Despite the relatively lackluster FY25 results, which showed a mere 1% increase in sales to $989 million, a 65% decline in EBITDA to $17.7 million, and a loss of $28.3 million, there are signs of potential recovery. The company’s recent leadership overhaul, now under Brent Scrimshaw, has instilled a renewed sense of direction. Scrimshaw directly addressed investors after spending months assessing the necessary changes for revitalization. He identified several optimistic indicators, such as positive brand recognition, while also acknowledging challenges, some of which are beyond the company’s control—like tariffs and inflation. However, others, such as product differentiation and effective brand integration, are manageable. KMD Brands plans to close underperforming stores and implement various growth and cost-cutting strategies, including the launch of a new surfing watch integrated with a dedicated app under the Rip Curl brand, as well as opening a dedicated women’s store in Bondi Beach. The company’s three-pronged strategy aims to prioritize brand leadership, informed decision-making, and responsible financial governance.
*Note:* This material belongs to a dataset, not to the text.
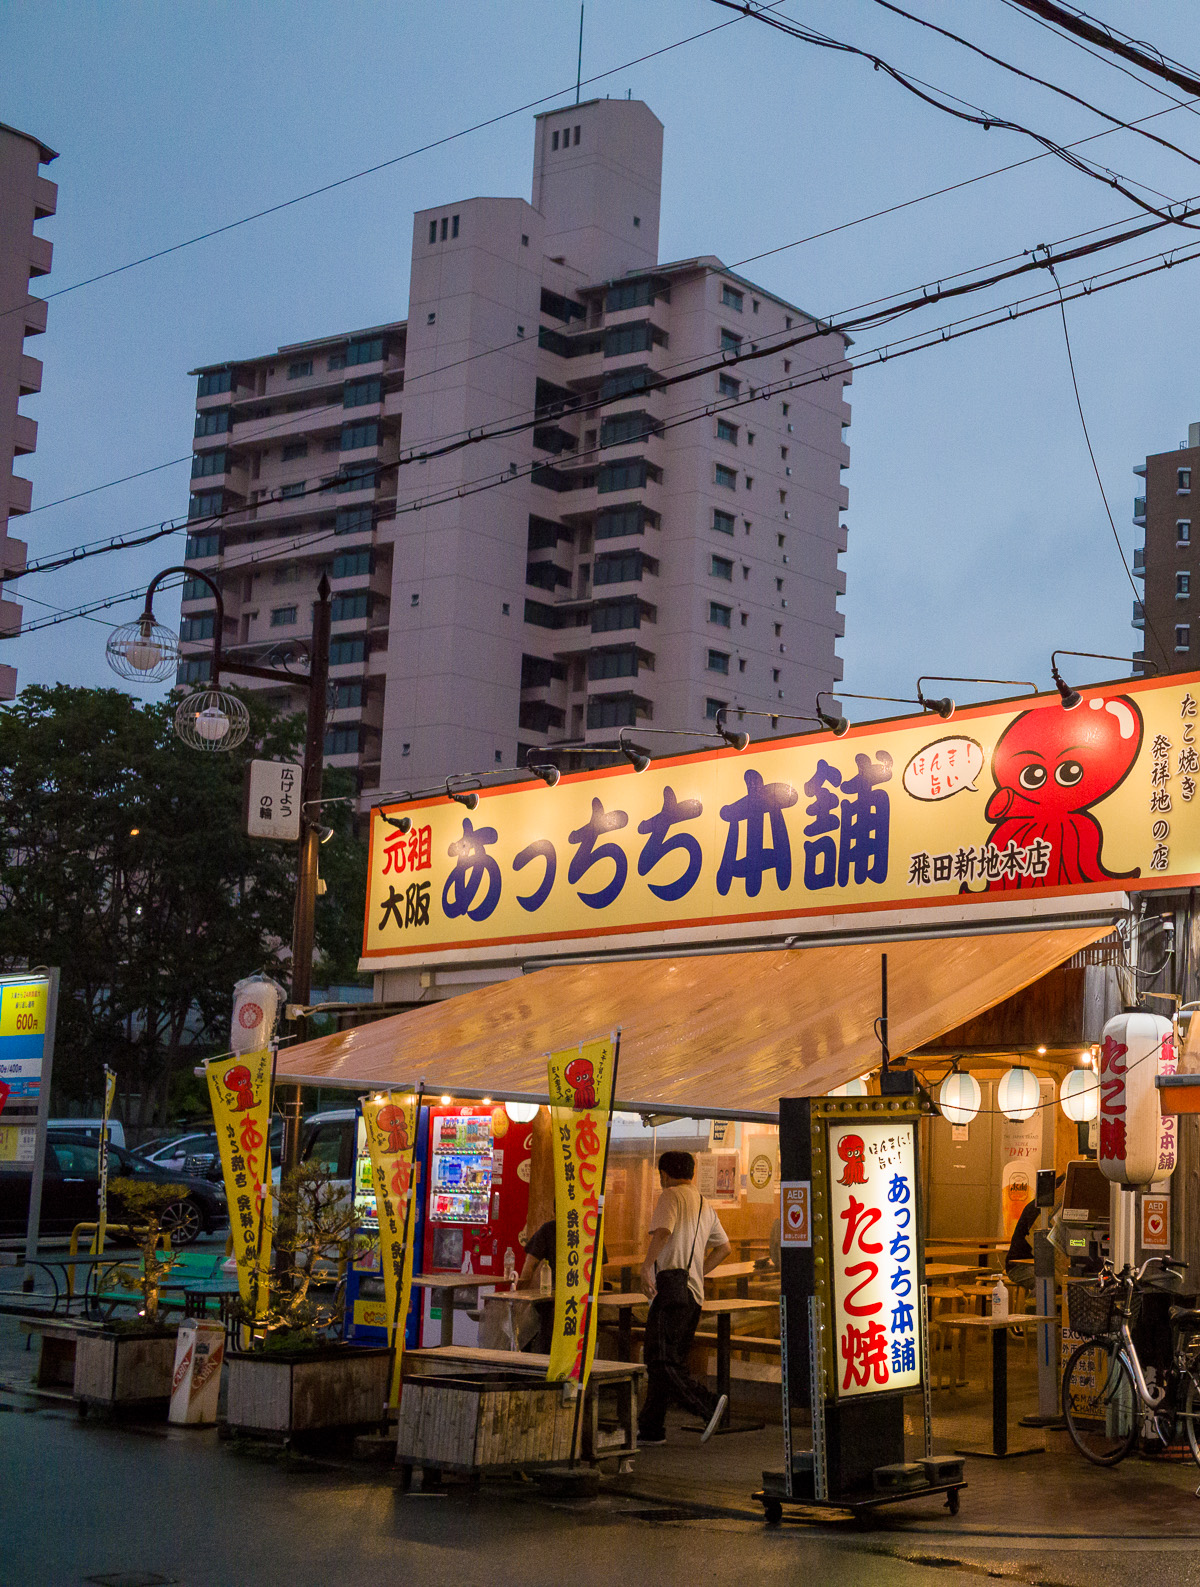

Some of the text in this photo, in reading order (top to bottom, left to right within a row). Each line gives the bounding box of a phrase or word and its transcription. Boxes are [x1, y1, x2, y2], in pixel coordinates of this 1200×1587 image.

By mid-2028, KMD Brands aims to achieve approximately a 60% gross margin and an EBITDA margin exceeding 10%, while keeping net working capital below 16% of sales. In the immediate future, KMD has indicated that it expects gross margins in the first half of FY26 to surpass those of the second half of FY25, although the latter half of FY26 may see impacts from tariffs; they anticipate an expansion in EBITDA margins, particularly in the second half of FY26, and a reduction in net debt to below $40 million from $52.8 million at the end of FY25, with capital expenditures projected between $25 million and $30 million. Analysts monitoring KMD Brands have set a mean target price of A$0.29, indicating potential growth compared to the current price of A$0.24, although this remains significantly lower than historical highs. Expectations for FY26 include another loss, but with projected revenue of $1.03 billion, followed by a slight profit of $0.01 EPS (approximately $7 million) and revenue of $1.078 billion in subsequent years. The company’s EV/EBITDA multiples for FY26 and FY27 are projected at 4x and 3.2x, respectively, while the P/E ratio is anticipated to be 10.5x for FY27 when the company is expected to return to profitability.
Conclusion
This situation presents a classic example of a retail turnaround opportunity. It’s crucial to note that we refer to this as an “opportunity” rather than a definitive “buying opportunity,” as confidence in the investment remains uncertain. While there appears to be a structured plan for recovery, which was not as clear six to twelve months ago, numerous factors must align for success. The company’s return to profitability may take time, and despite a target of a 10% EBITDA margin, the details surrounding net income remain vague. Analysts predict that achieving profitability could take a minimum of two years, with margins expected to be thin. Additionally, the outdoor retail sector is highly competitive and sensitive to various external factors, including weather patterns, travel trends, inflation, tariffs, and overall consumer spending. A single adverse season or unexpected event could have significant repercussions. KMD Brands must focus on product innovation, maintaining brand relevance, and exercising cost control to regain investor confidence.